* **Your objective**: Transcribe the data exactly, omitting whatever pictures it holds.

───

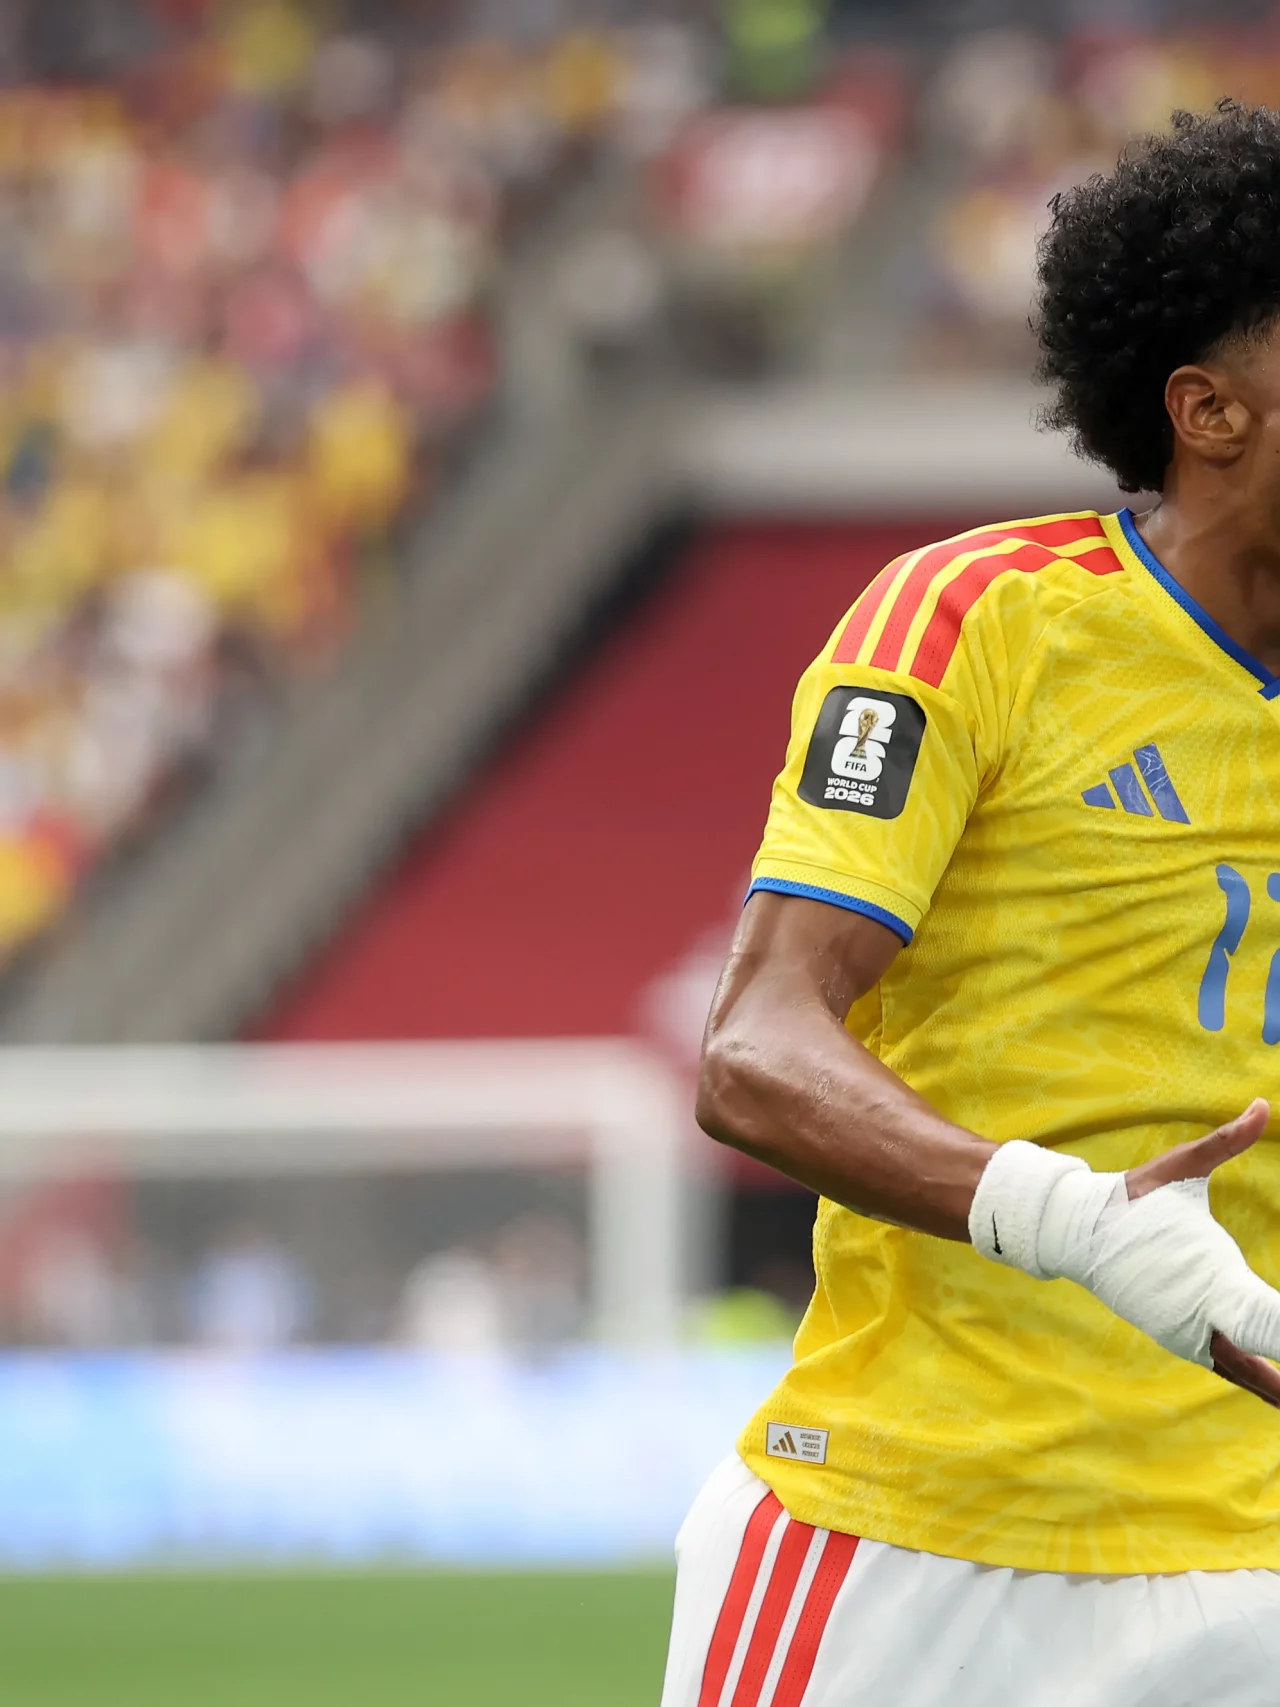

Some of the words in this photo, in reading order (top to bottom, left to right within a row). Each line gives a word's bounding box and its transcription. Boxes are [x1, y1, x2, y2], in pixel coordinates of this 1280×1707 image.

[844, 761, 867, 772] FIFA
[827, 777, 857, 790] WORLD
[858, 783, 878, 793] CUP
[824, 787, 875, 806] 2026
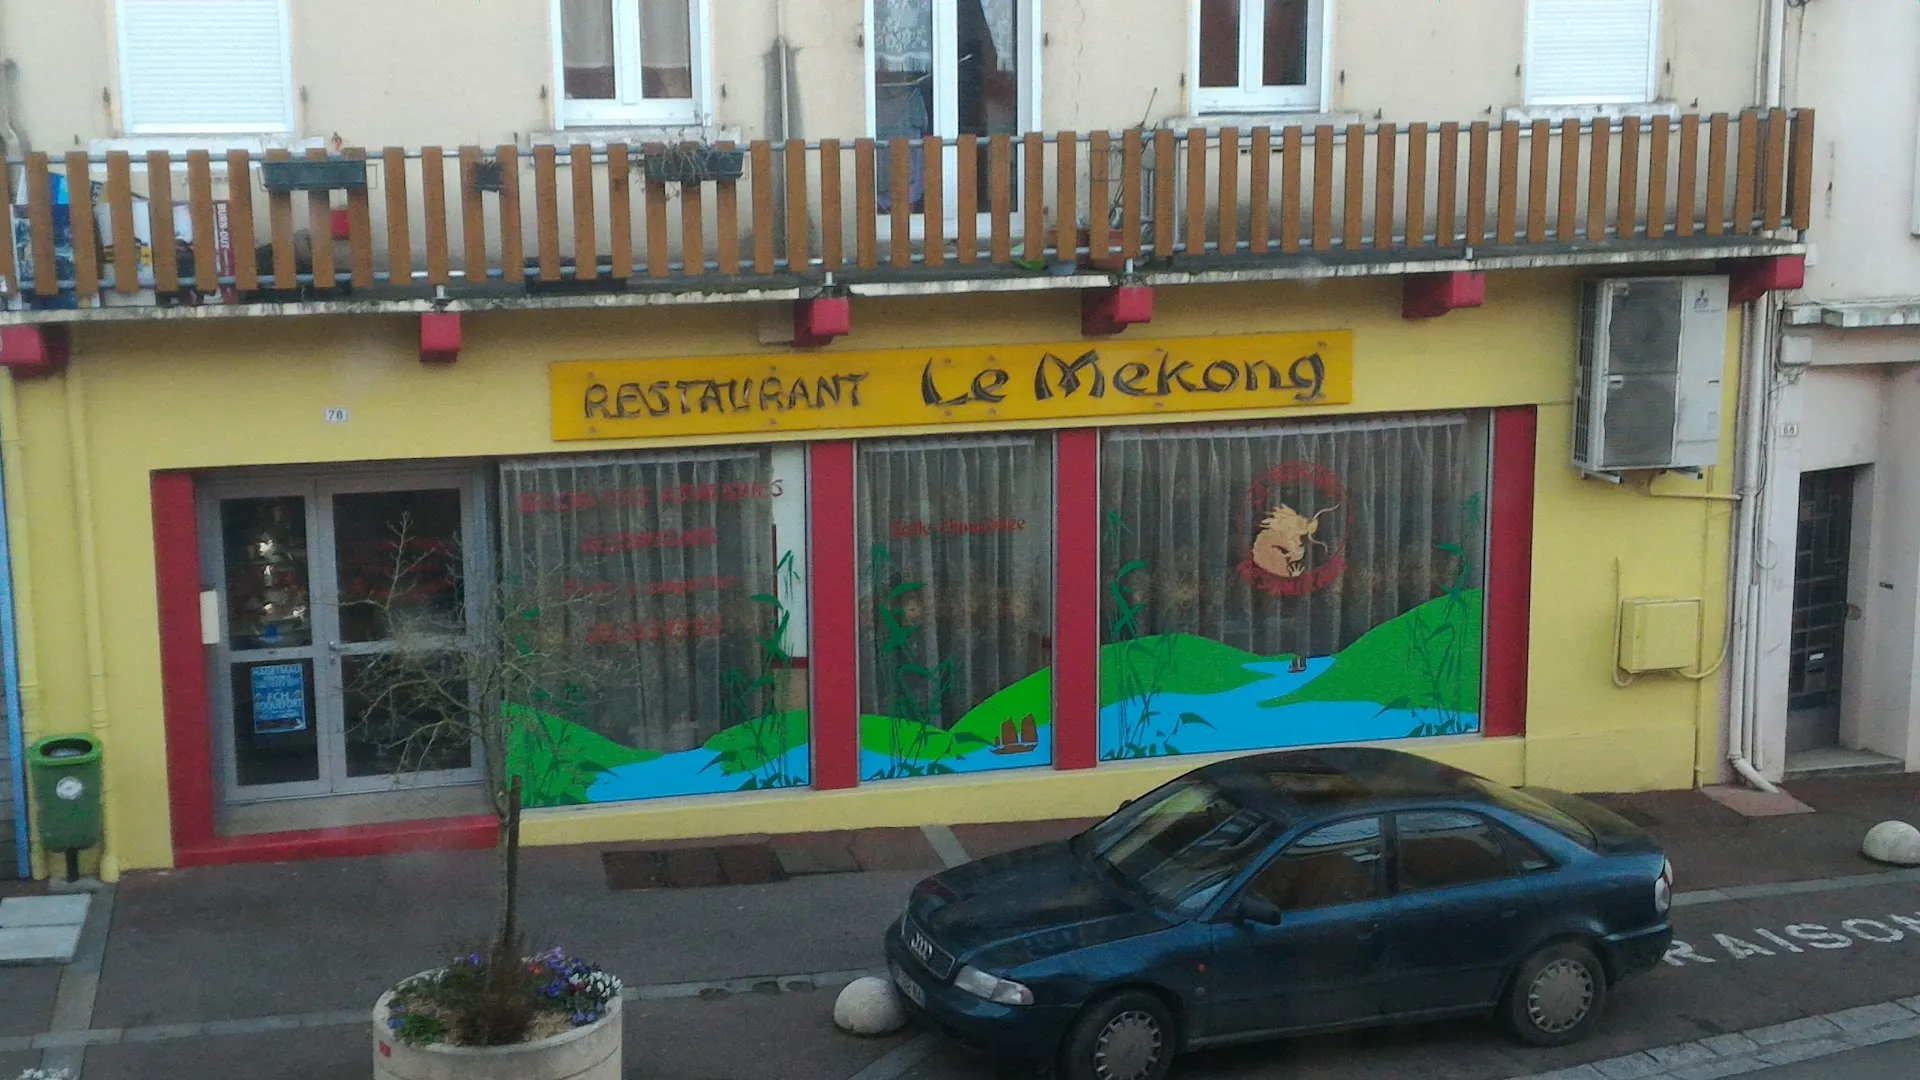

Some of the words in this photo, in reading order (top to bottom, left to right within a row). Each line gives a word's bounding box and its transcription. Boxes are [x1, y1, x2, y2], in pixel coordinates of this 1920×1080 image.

[217, 203, 229, 249] BURN-OUT
[584, 371, 868, 419] RESTAURANT
[921, 356, 1010, 407] Le
[1035, 348, 1326, 404] Mekong
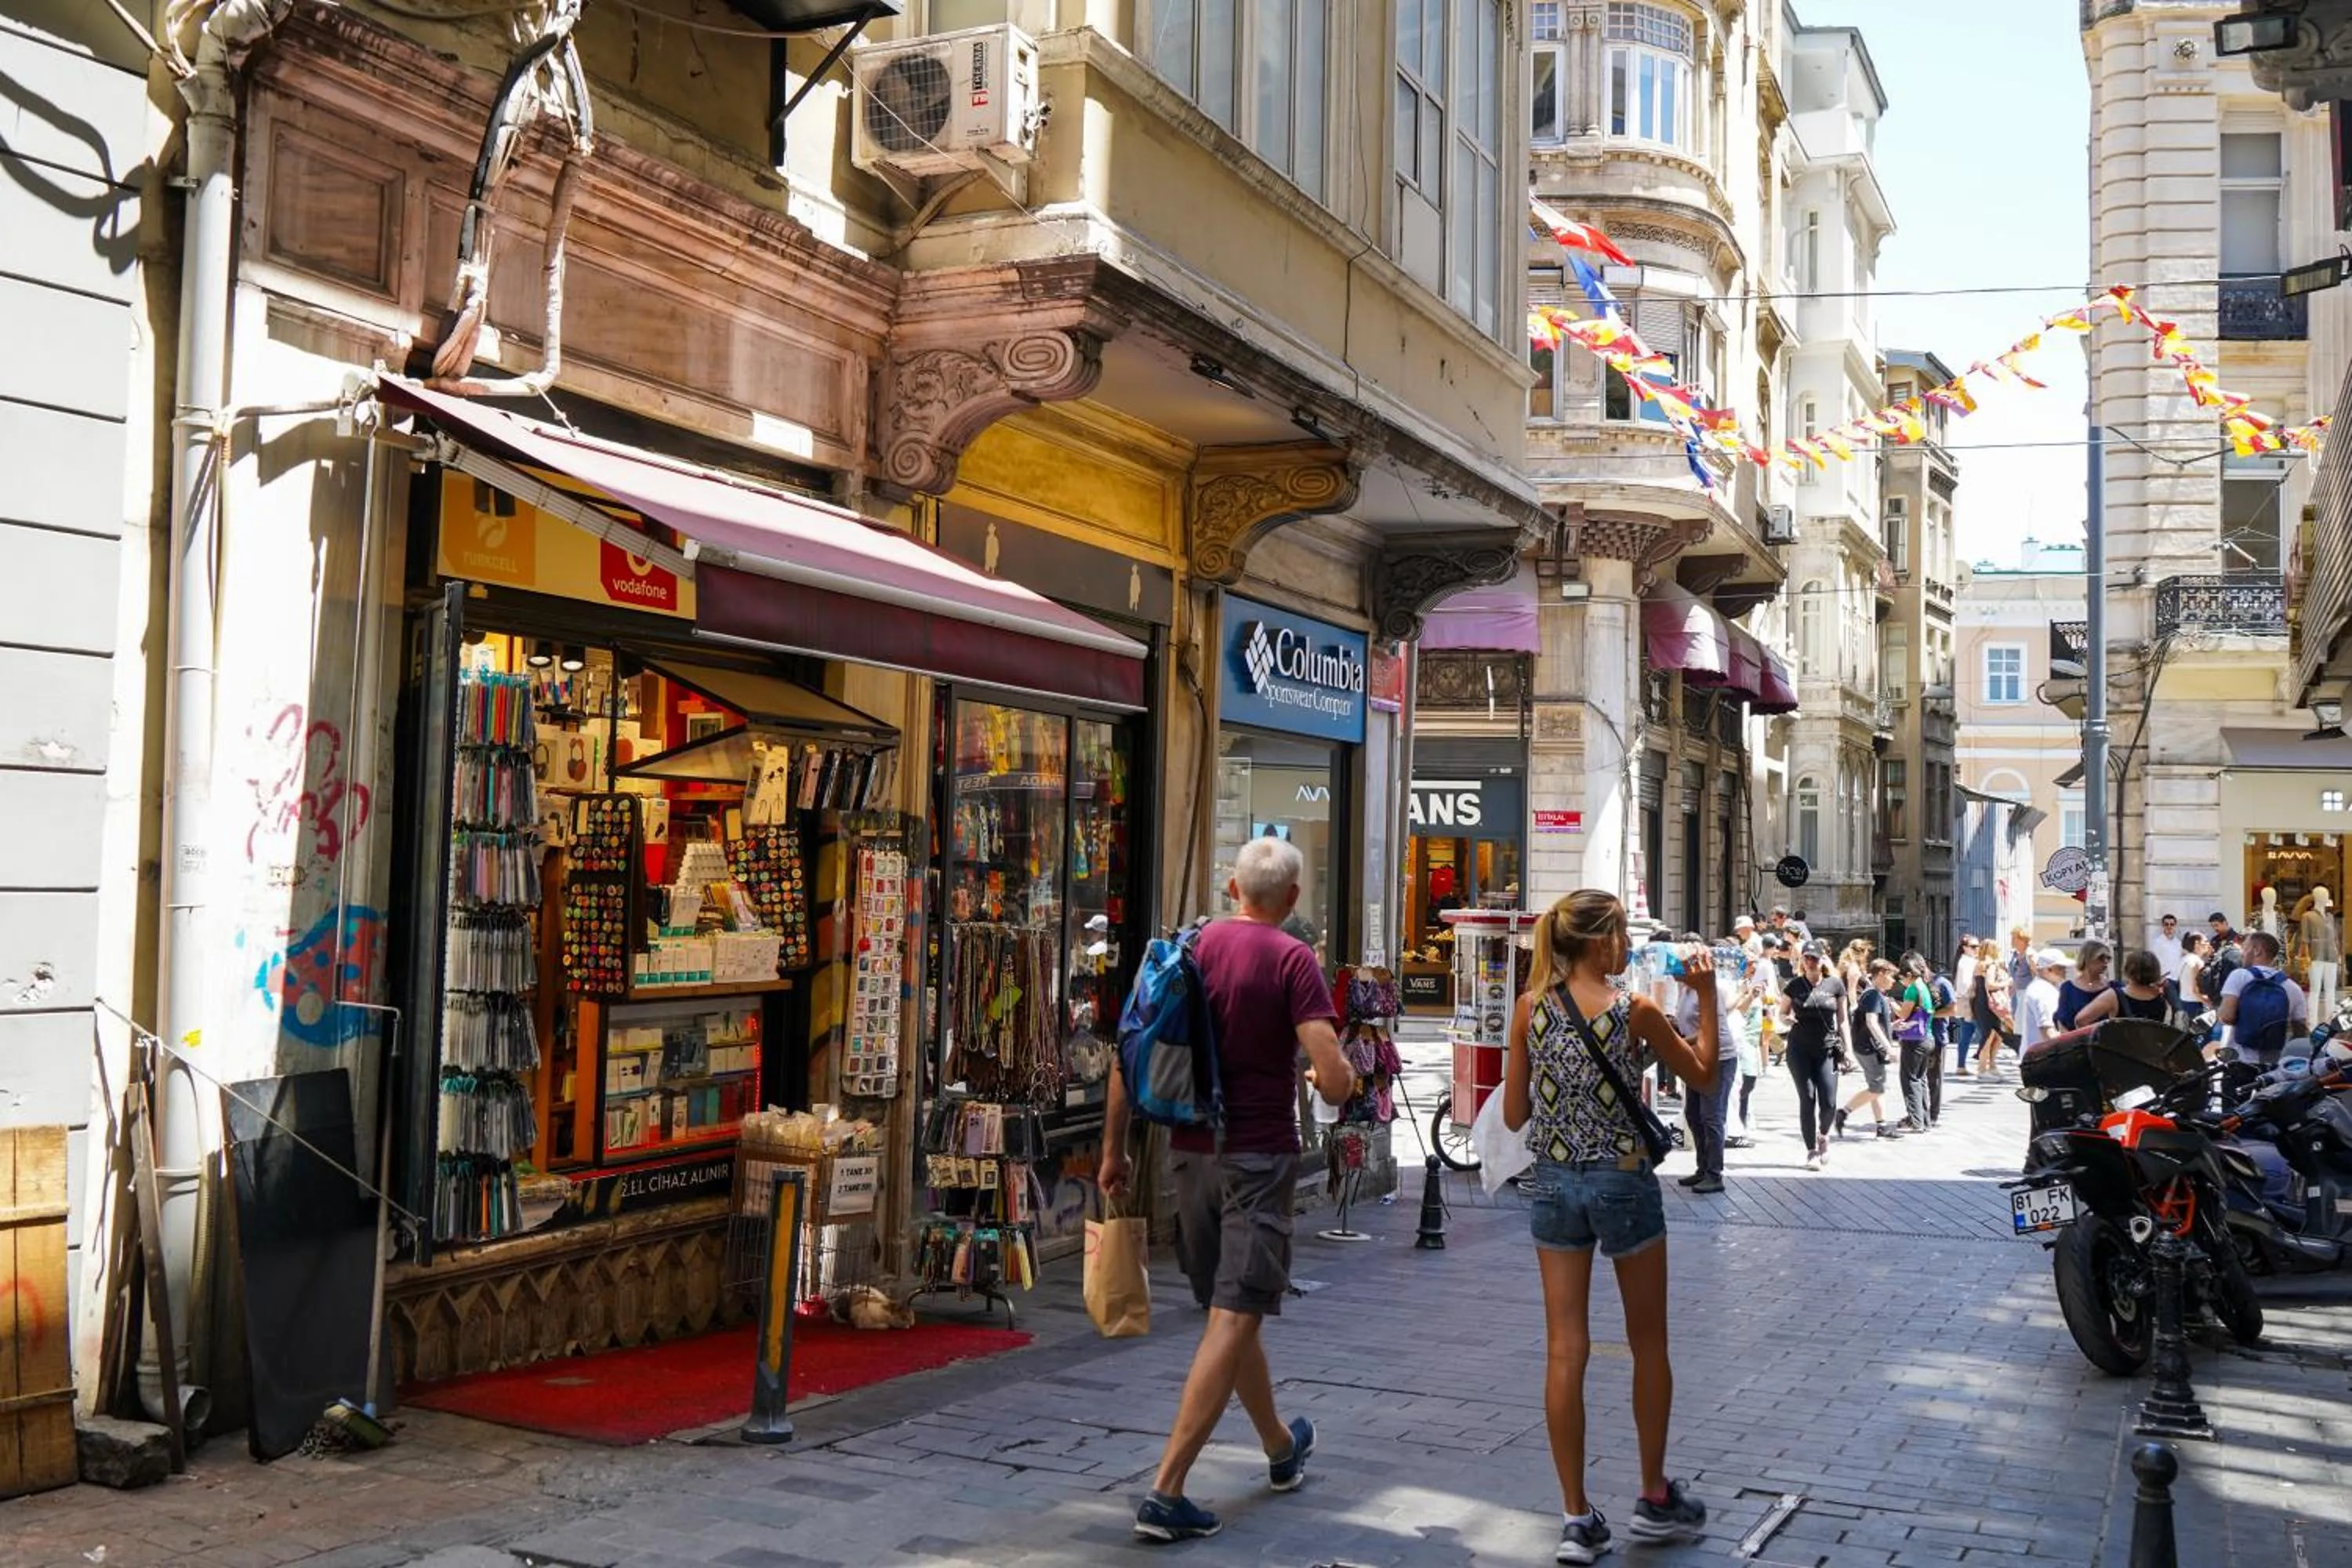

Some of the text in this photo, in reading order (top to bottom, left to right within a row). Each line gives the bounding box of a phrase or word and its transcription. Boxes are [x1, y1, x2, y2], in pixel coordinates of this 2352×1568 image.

[612, 578, 667, 600] vodafone
[1276, 628, 1364, 693] Columbia
[1265, 679, 1313, 708] Sportswear
[1409, 792, 1482, 826] ANS
[1409, 978, 1436, 989] VANS
[648, 1171, 688, 1192] CİHAZ
[690, 1163, 729, 1185] ALINIR
[2016, 1186, 2070, 1210] 81 FK
[2031, 1206, 2061, 1224] 022

───

* **Final answer**:
Some of the words in this photo, in reading order (top to bottom, left to right within a row). Each line gives a word's bounding box and its transcription. Boxes are [x1, y1, x2, y2], in pixel coordinates of this 1280×1707 image.

[844, 761, 867, 772] FIFA
[827, 777, 857, 790] WORLD
[858, 783, 878, 793] CUP
[824, 787, 875, 806] 2026

Some of the words in this photo, in reading order (top to bottom, left to right within a row). Each line gives a word's bounding box and its transcription. Boxes are [x1, y1, x2, y2], in pixel coordinates of this 1920×1080 image.

[217, 203, 229, 249] BURN-OUT
[584, 371, 868, 419] RESTAURANT
[921, 356, 1010, 407] Le
[1035, 348, 1326, 404] Mekong

Some of the text in this photo, in reading order (top to bottom, left to right within a row). Each line gives the bounding box of a phrase or word and its transcription. Boxes are [x1, y1, x2, y2], in pixel coordinates of this 2352×1568 image.

[612, 578, 667, 600] vodafone
[1276, 628, 1364, 693] Columbia
[1265, 679, 1313, 708] Sportswear
[1409, 792, 1482, 826] ANS
[1409, 978, 1436, 989] VANS
[648, 1171, 688, 1192] CİHAZ
[690, 1163, 729, 1185] ALINIR
[2016, 1186, 2070, 1210] 81 FK
[2031, 1206, 2061, 1224] 022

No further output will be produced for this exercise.